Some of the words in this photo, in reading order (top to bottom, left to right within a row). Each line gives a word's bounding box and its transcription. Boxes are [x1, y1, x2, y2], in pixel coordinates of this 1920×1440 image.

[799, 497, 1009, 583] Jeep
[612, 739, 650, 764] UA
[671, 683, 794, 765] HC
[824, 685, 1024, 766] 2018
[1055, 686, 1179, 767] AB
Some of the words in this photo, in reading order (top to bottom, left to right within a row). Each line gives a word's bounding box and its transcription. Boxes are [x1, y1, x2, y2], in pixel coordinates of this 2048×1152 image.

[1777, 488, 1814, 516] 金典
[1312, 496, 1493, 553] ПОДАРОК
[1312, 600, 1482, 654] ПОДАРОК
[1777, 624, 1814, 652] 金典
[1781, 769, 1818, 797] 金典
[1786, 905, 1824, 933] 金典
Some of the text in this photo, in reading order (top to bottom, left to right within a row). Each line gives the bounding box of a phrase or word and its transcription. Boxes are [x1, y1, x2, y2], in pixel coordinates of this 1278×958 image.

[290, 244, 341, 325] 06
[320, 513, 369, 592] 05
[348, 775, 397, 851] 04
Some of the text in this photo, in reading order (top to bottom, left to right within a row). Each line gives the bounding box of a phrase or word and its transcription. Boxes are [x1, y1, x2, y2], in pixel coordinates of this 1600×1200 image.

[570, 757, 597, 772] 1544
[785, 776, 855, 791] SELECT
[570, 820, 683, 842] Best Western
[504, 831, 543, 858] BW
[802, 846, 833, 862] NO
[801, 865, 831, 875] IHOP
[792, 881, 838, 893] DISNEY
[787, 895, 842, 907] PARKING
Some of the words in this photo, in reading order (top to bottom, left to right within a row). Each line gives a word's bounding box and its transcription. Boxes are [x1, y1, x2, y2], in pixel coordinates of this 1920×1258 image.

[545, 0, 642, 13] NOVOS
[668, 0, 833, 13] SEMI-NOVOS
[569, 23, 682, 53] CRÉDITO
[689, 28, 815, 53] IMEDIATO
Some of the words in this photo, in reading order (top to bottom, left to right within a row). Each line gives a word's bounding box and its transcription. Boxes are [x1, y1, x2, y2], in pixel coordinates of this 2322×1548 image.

━━━━━━━━━━━━━━━━━━━━━━━━━━━━━━

- _What is required_
With every line kept whole, write out the records again exactly.

- _Output of the exercise_
Some of the words in this photo, in reading order (top to bottom, left to right within a row). Each line gives a word's bounding box and its transcription. Boxes are [x1, y1, x2, y2], in pixel coordinates of this 1920×1440 image.

[799, 497, 1009, 583] Jeep
[612, 739, 650, 764] UA
[671, 683, 794, 765] HC
[824, 685, 1024, 766] 2018
[1055, 686, 1179, 767] AB
Some of the words in this photo, in reading order (top to bottom, left to right within a row). Each line gives a word's bounding box and its transcription. Boxes are [x1, y1, x2, y2], in pixel coordinates of this 2048×1152 image.

[1777, 488, 1814, 516] 金典
[1312, 496, 1493, 553] ПОДАРОК
[1312, 600, 1482, 654] ПОДАРОК
[1777, 624, 1814, 652] 金典
[1781, 769, 1818, 797] 金典
[1786, 905, 1824, 933] 金典
Some of the text in this photo, in reading order (top to bottom, left to right within a row). Each line gives the bounding box of a phrase or word and its transcription. Boxes are [x1, y1, x2, y2], in pixel coordinates of this 1278×958 image.

[290, 244, 341, 325] 06
[320, 513, 369, 592] 05
[348, 775, 397, 851] 04
Some of the text in this photo, in reading order (top to bottom, left to right within a row). Each line gives the bounding box of a phrase or word and its transcription. Boxes are [x1, y1, x2, y2], in pixel coordinates of this 1600×1200 image.

[570, 757, 597, 772] 1544
[785, 776, 855, 791] SELECT
[570, 820, 683, 842] Best Western
[504, 831, 543, 858] BW
[802, 846, 833, 862] NO
[801, 865, 831, 875] IHOP
[792, 881, 838, 893] DISNEY
[787, 895, 842, 907] PARKING
Some of the words in this photo, in reading order (top to bottom, left to right within a row). Each line gives a word's bounding box and its transcription. Boxes are [x1, y1, x2, y2], in pixel coordinates of this 1920×1258 image.

[545, 0, 642, 13] NOVOS
[668, 0, 833, 13] SEMI-NOVOS
[569, 23, 682, 53] CRÉDITO
[689, 28, 815, 53] IMEDIATO
Some of the words in this photo, in reading order (top to bottom, left to right within a row). Each line gives a word's bounding box and its transcription. Boxes are [x1, y1, x2, y2], in pixel coordinates of this 2322×1548 image.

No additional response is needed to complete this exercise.